BILITONNEWS.CO, BELITUNG – Perselisihan pembayaran arisan di Kabupaten Belitung berujung pada keluhan tiga peserta yang mengaku merasa tidak nyaman setelah didatangi ketua arisan berinisial M ke kediaman mereka.
Ketiga peserta tersebut yakni Reny Octovia, Musniah, dan Rosmayanti. Mereka mempersoalkan cara penagihan yang dilakukan M, terutama setelah kunjungan ke rumah masing-masing pada Rabu (12/8/2026).
Ketiganya mengakui adanya keterlambatan pembayaran arisan. Namun, mereka meminta persoalan tersebut diselesaikan secara proporsional tanpa melibatkan keluarga maupun mempermalukan peserta di lingkungan tempat tinggal.
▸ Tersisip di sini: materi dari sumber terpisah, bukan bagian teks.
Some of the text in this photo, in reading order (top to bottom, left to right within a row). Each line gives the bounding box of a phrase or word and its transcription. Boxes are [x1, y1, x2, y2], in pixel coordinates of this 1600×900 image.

Rosmayanti Kecewa Rumah Didatangi
Rosmayanti mengatakan M mendatangi kediamannya di Desa Air Saga, Tanjungpandan.
Ia mengaku tidak nyaman lantaran terdapat aktivitas yang menurutnya merupakan perekaman video di sekitar rumah.
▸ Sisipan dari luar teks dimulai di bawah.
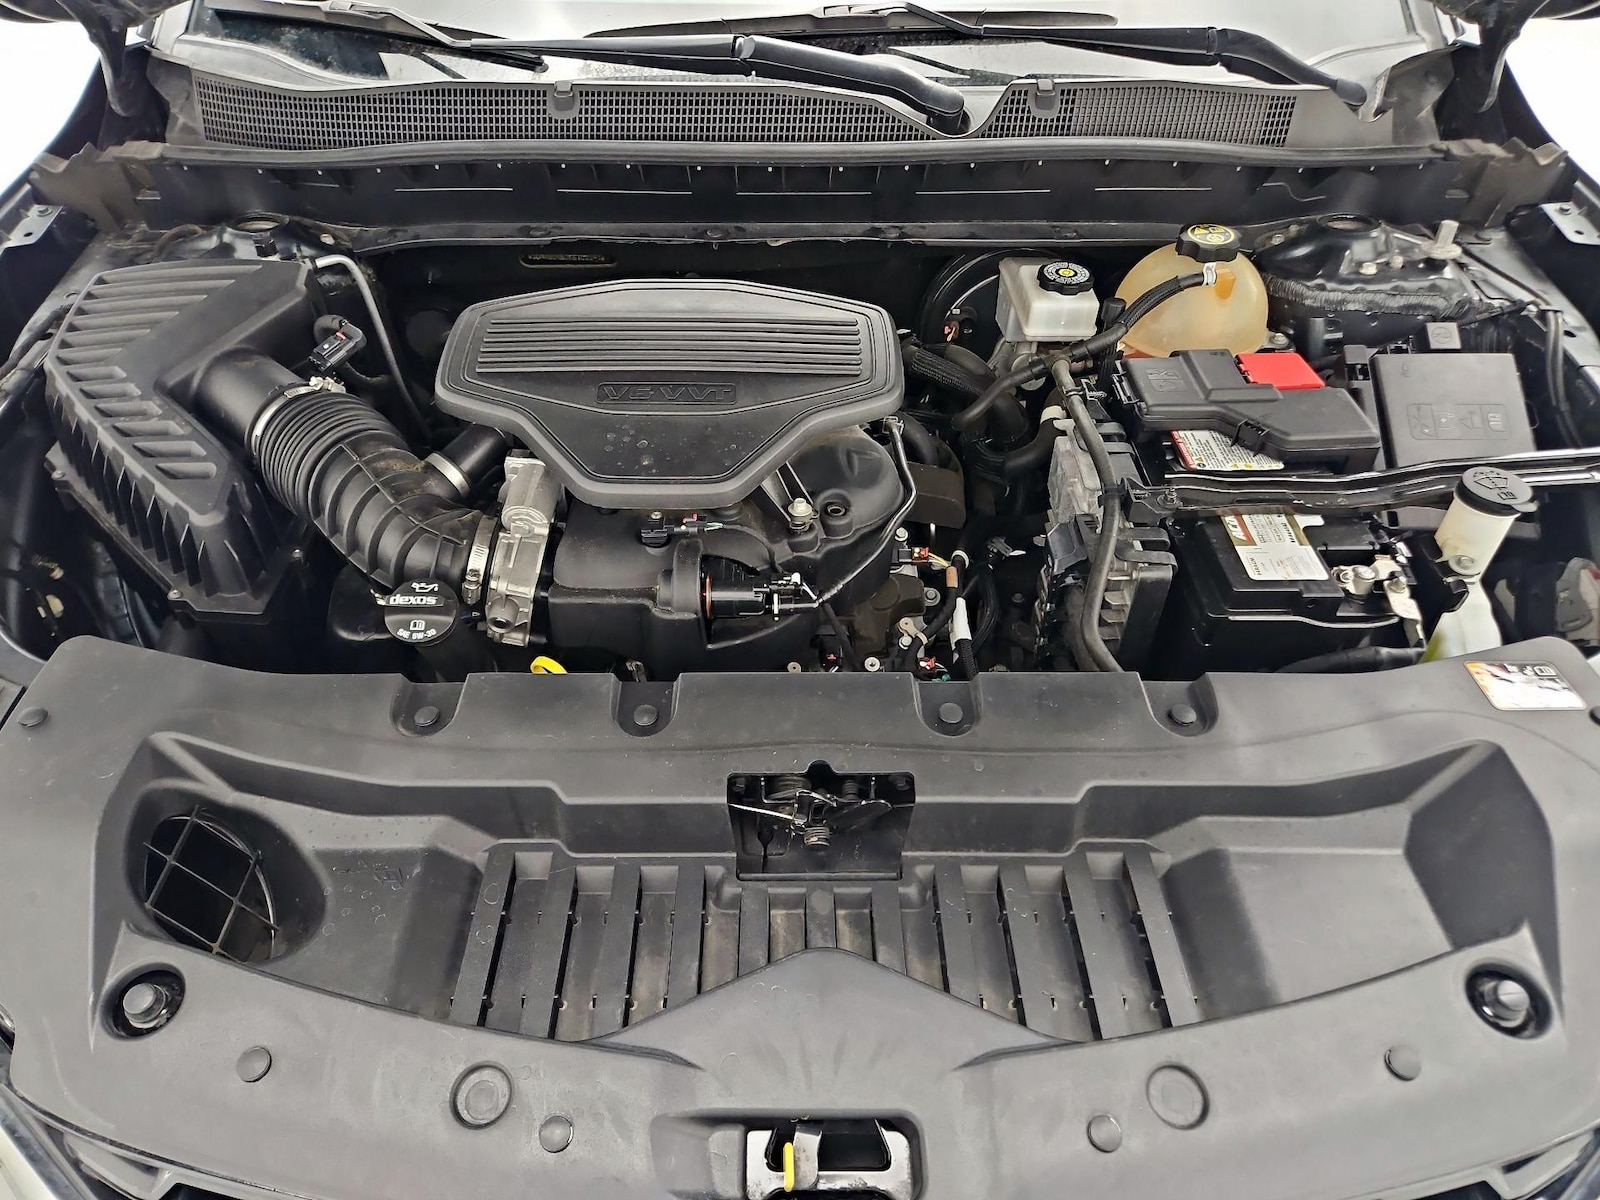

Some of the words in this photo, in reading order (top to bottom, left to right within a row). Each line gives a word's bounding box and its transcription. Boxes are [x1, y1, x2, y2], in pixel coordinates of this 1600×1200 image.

[659, 386, 732, 400] VVT
[389, 593, 438, 605] dexos
[396, 628, 411, 639] SAE
Rosmayanti menegaskan persoalan pembayaran arisan tetap menjadi tanggung jawabnya. Namun, ia keberatan apabila persoalan tersebut dibawa ke lingkungan tempat tinggal dan diketahui anggota grup lainnya.
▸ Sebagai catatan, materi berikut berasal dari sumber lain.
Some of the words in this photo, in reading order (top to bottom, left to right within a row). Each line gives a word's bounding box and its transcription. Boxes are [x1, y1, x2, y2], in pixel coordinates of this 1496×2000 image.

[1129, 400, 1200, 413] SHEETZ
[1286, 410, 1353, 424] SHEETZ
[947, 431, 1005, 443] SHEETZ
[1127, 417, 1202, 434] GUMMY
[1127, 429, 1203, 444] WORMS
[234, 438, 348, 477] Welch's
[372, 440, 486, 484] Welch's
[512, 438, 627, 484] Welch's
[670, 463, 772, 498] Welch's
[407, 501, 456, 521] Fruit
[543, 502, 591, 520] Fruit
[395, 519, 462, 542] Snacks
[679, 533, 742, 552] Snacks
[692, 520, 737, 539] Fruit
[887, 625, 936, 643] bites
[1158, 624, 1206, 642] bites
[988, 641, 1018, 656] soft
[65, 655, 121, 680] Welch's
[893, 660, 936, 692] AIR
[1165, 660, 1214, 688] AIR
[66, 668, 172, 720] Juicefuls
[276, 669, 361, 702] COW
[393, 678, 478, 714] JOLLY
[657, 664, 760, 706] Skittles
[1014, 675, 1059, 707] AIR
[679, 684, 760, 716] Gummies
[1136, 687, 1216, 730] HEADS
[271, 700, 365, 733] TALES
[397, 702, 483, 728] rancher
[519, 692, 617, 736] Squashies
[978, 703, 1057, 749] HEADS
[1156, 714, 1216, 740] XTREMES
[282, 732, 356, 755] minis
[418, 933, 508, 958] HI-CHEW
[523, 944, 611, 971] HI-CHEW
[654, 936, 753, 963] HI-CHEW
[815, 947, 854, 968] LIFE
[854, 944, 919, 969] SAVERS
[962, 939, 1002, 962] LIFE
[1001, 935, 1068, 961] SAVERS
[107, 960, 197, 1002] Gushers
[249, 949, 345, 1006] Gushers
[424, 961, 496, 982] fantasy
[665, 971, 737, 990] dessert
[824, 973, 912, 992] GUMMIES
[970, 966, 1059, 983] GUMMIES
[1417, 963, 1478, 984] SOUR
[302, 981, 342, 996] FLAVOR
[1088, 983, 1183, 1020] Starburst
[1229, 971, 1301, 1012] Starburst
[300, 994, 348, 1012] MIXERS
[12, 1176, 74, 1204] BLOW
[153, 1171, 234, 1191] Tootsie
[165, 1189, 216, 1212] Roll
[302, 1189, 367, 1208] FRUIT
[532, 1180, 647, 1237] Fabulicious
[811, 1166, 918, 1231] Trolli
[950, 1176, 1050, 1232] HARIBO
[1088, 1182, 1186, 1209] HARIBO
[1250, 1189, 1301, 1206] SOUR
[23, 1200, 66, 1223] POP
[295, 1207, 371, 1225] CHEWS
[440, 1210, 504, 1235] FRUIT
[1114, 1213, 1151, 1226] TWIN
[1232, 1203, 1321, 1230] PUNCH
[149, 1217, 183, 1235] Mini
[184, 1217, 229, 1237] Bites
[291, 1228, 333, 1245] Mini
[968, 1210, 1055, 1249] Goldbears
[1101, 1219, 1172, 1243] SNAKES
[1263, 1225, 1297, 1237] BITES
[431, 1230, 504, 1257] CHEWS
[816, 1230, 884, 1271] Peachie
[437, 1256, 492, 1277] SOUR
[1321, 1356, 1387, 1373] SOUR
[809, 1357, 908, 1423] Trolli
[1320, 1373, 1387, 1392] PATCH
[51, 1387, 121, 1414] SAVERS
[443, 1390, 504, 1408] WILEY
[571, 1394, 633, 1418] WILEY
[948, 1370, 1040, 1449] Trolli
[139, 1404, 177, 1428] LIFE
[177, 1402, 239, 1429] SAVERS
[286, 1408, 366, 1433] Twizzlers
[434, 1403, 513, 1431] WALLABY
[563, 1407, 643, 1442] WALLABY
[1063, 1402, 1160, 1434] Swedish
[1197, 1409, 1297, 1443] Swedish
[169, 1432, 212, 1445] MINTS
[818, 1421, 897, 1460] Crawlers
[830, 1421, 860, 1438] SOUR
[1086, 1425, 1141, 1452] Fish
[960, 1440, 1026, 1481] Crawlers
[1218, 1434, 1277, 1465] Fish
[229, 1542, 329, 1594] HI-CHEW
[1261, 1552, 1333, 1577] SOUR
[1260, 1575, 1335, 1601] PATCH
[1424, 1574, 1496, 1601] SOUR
“Kecewa dalam arisan ini. Jangan share-share rumah begitu. Kalau disuruh datang ke butik, kami datang,” ujar Rosmayanti kepada BilitonNews.co, Kamis (13/8/2026).
Rosmayanti mengungkapkan dirinya memperoleh dana arisan sekitar Rp20 juta. Dari jumlah tersebut, sekitar Rp14 juta langsung digunakan untuk membayar utang kepada M sehingga dana yang diterimanya secara langsung sekitar Rp6 juta.
Ia mengakui terdapat keterlambatan pembayaran pada salah satu nomor arisan. Menurutnya, masih ada sisa sekitar Rp800 ribu yang berusaha dicicil.